> _Data for this exercise_
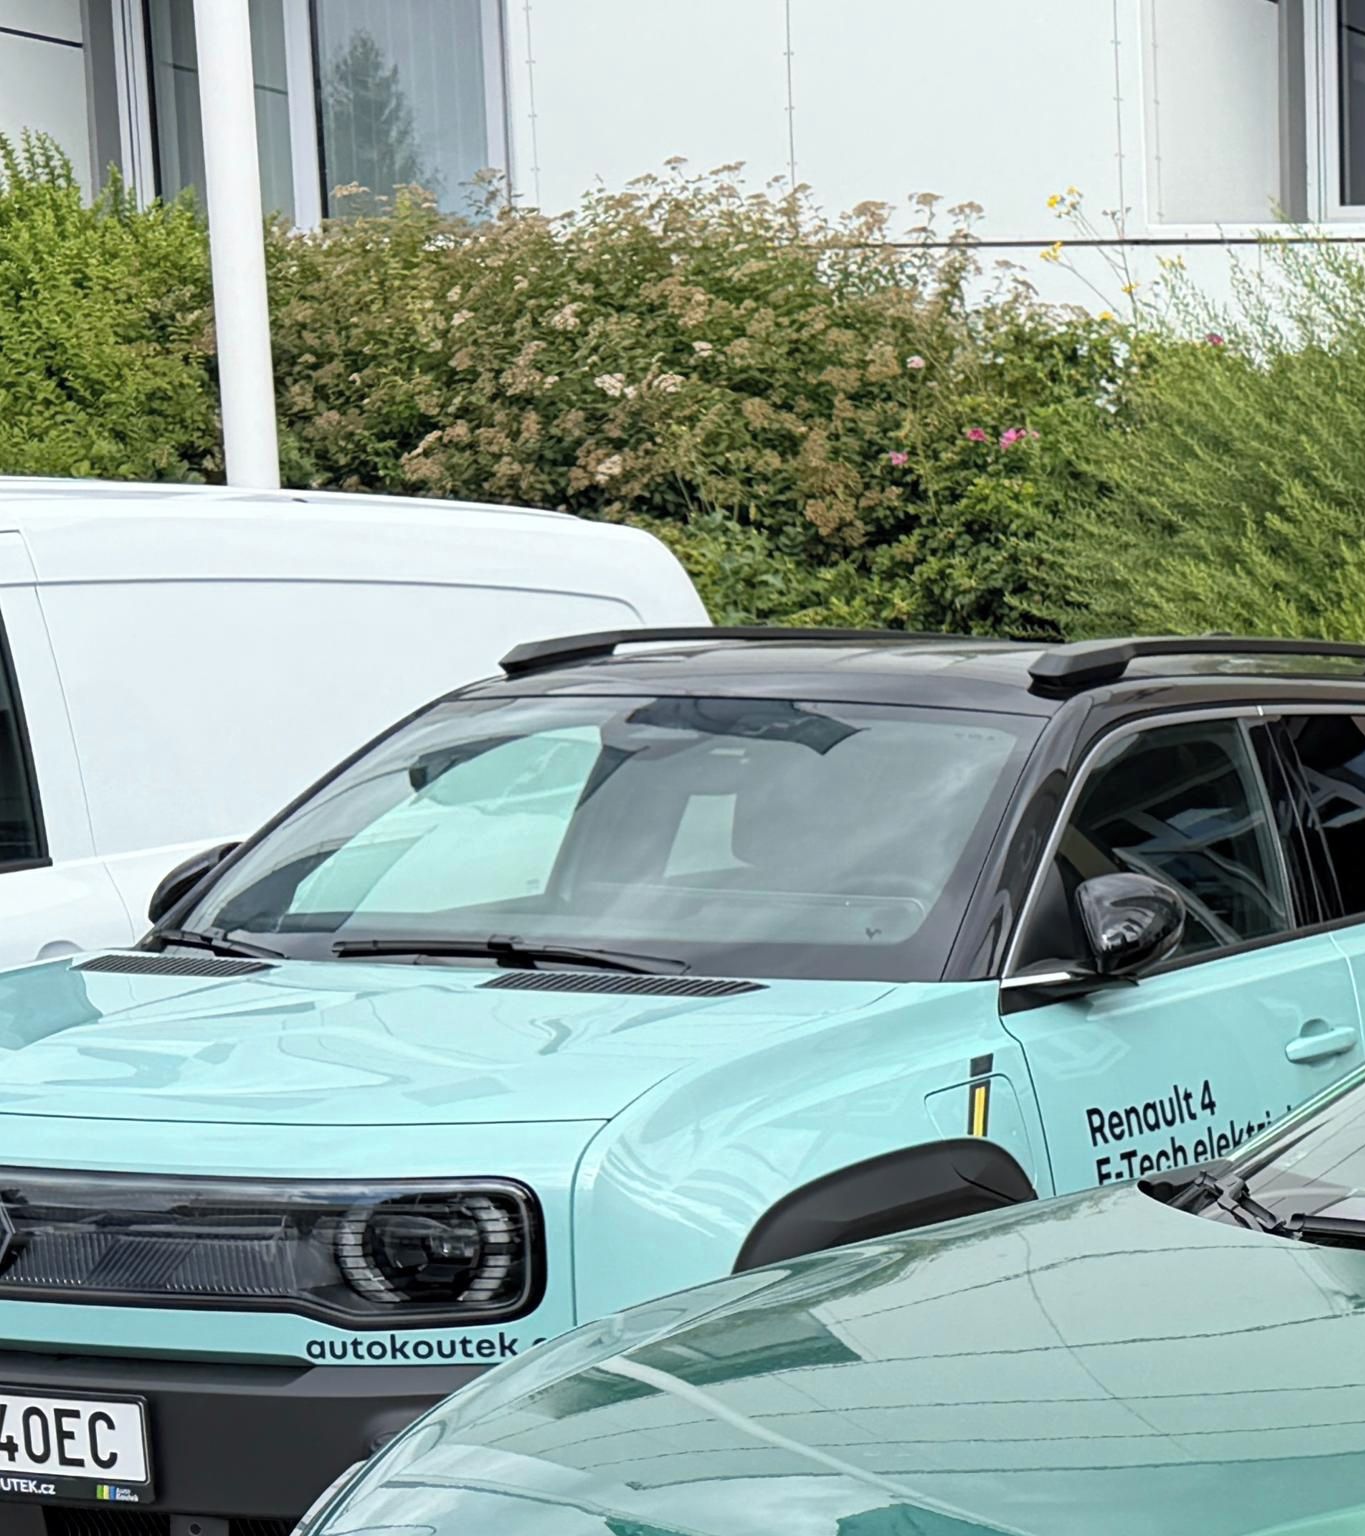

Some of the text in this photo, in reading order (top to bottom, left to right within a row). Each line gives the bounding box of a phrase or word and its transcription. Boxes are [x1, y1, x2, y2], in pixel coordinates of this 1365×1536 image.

[1086, 1079, 1217, 1147] Renault 4
[306, 1332, 547, 1360] autokoutek
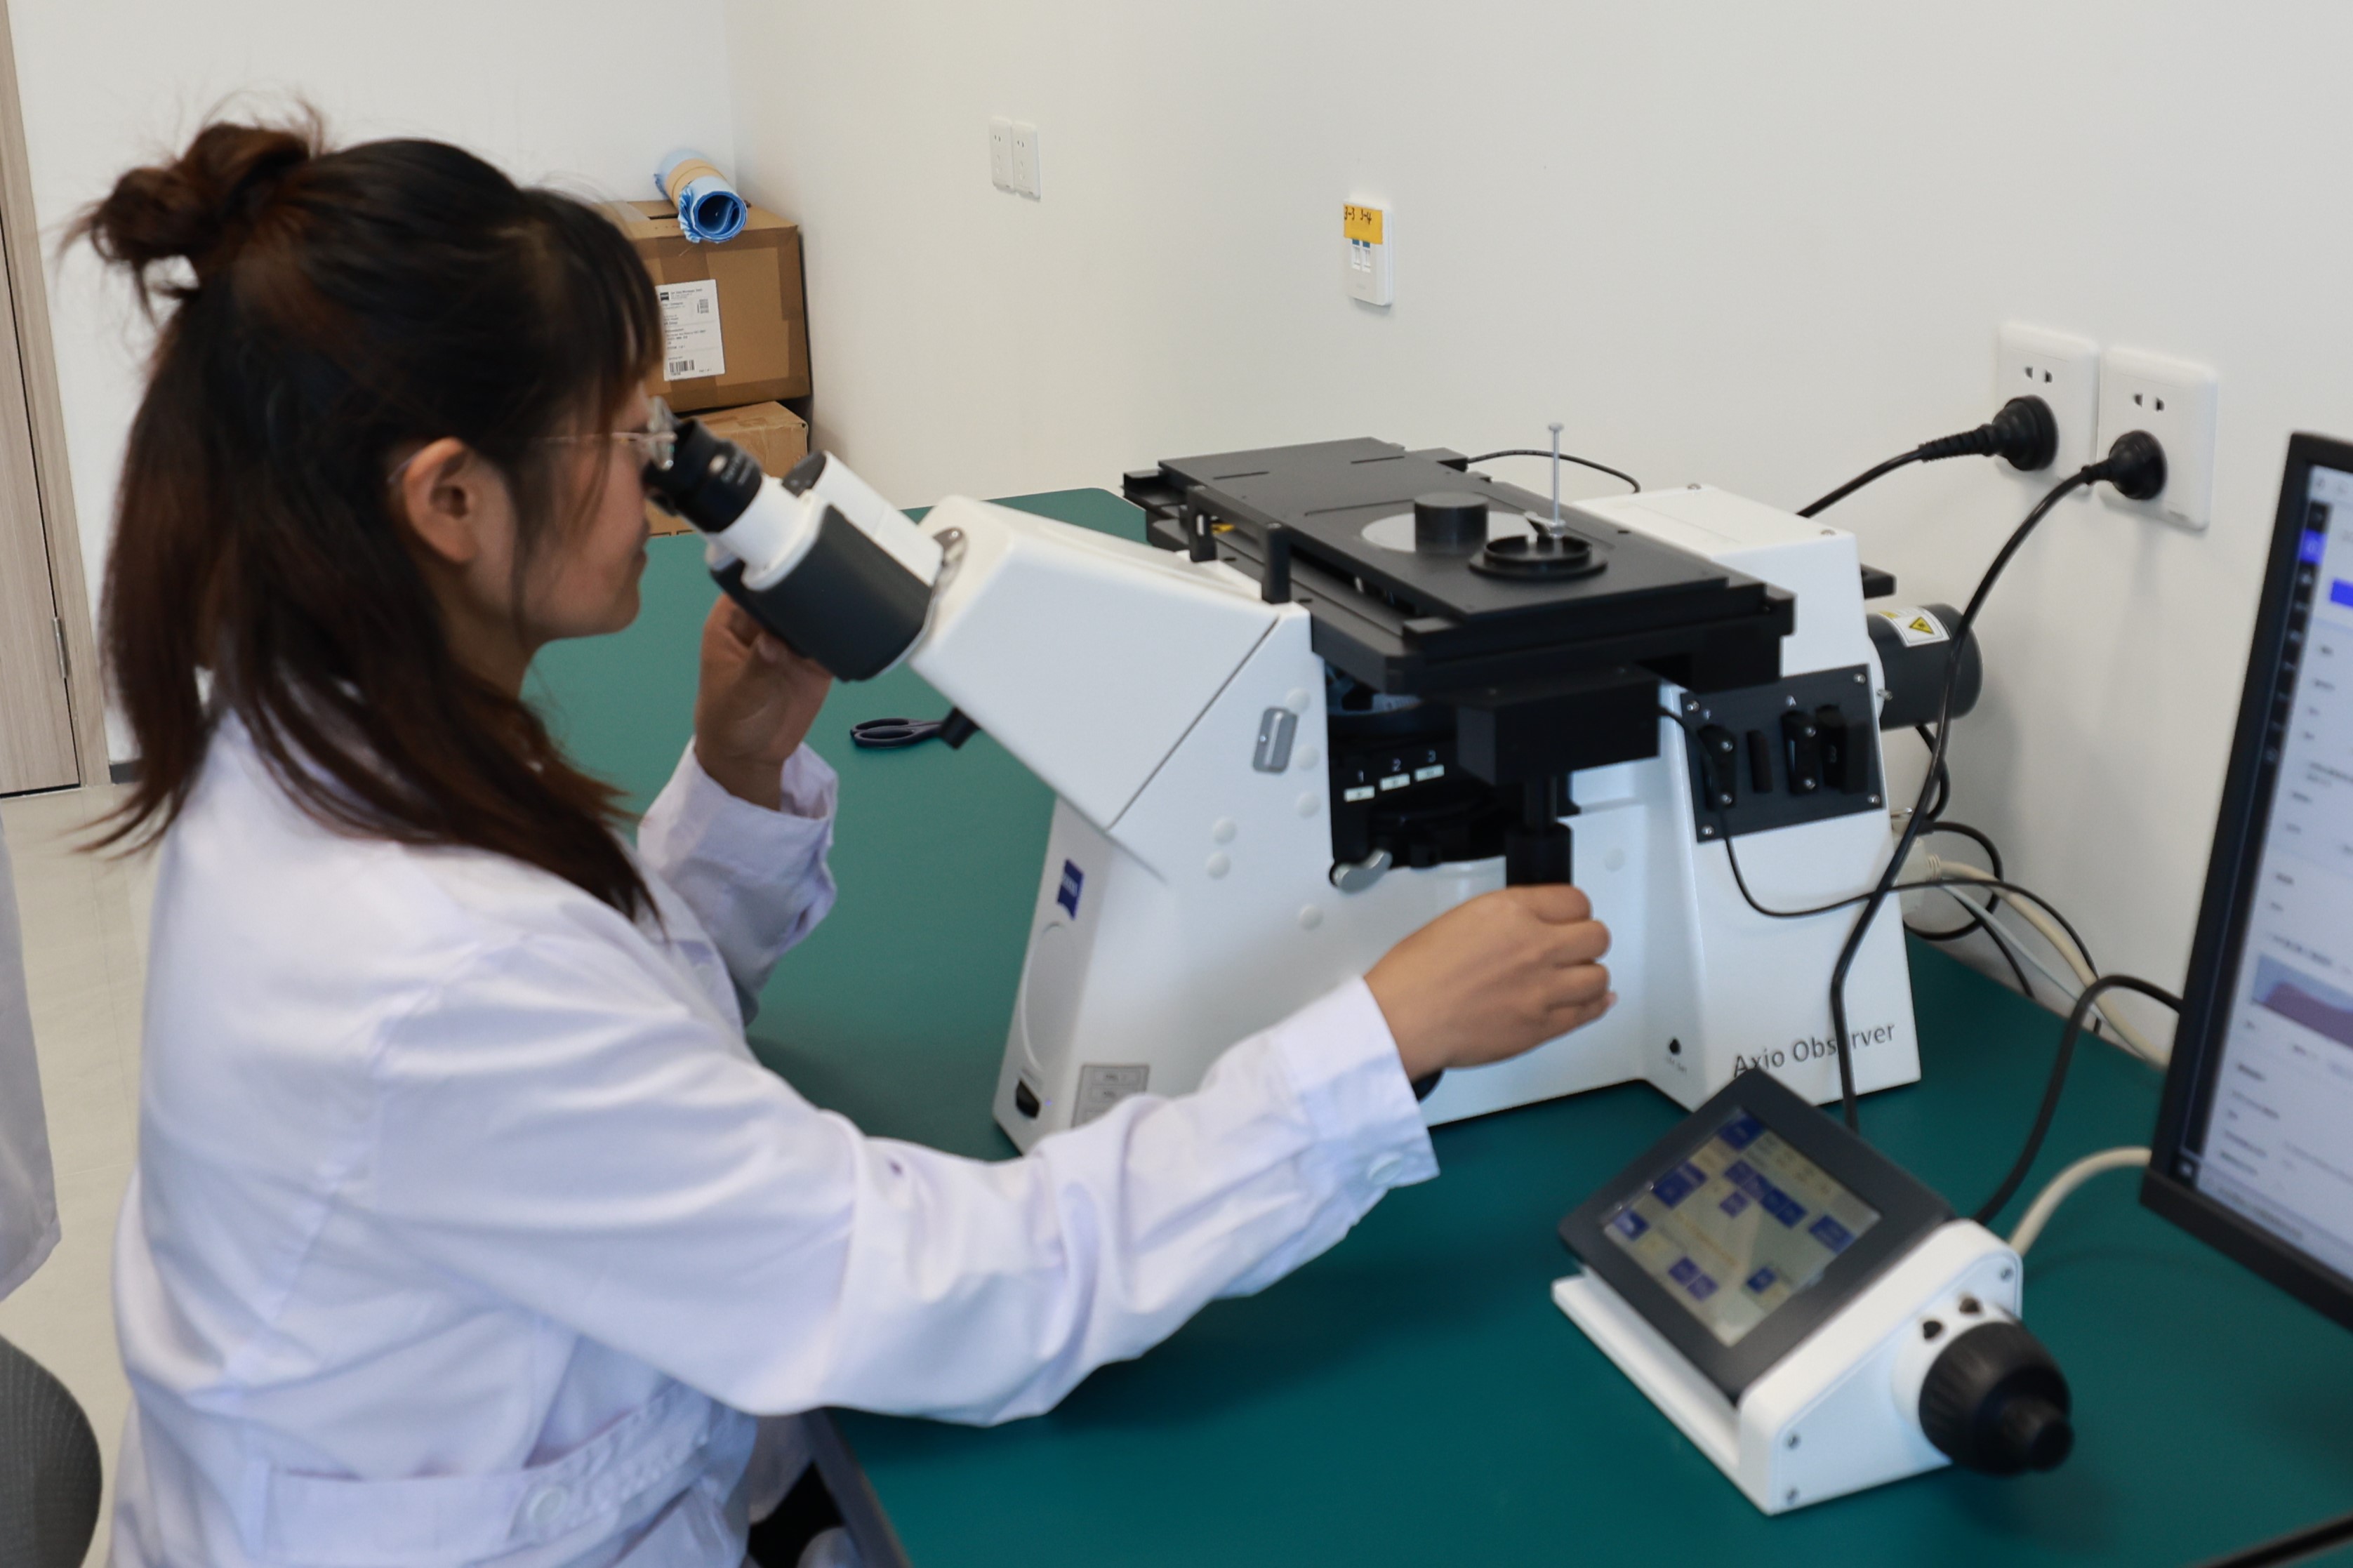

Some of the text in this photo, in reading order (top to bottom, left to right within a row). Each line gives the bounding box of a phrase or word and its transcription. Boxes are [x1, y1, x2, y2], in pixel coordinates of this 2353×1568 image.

[1391, 758, 1402, 772] 2
[1426, 749, 1437, 764] 3
[1733, 1023, 1895, 1079] Axio Obsrver

> _What you have to do_
Provide an exact copy of the records, excluding every picture.

> _Solution for this exercise_
Some of the text in this photo, in reading order (top to bottom, left to right within a row). Each line gives the bounding box of a phrase or word and its transcription. Boxes are [x1, y1, x2, y2], in pixel coordinates of this 1365×1536 image.

[1086, 1079, 1217, 1147] Renault 4
[306, 1332, 547, 1360] autokoutek

Some of the text in this photo, in reading order (top to bottom, left to right within a row). Each line gives the bounding box of a phrase or word and its transcription. Boxes are [x1, y1, x2, y2], in pixel coordinates of this 2353×1568 image.

[1391, 758, 1402, 772] 2
[1426, 749, 1437, 764] 3
[1733, 1023, 1895, 1079] Axio Obsrver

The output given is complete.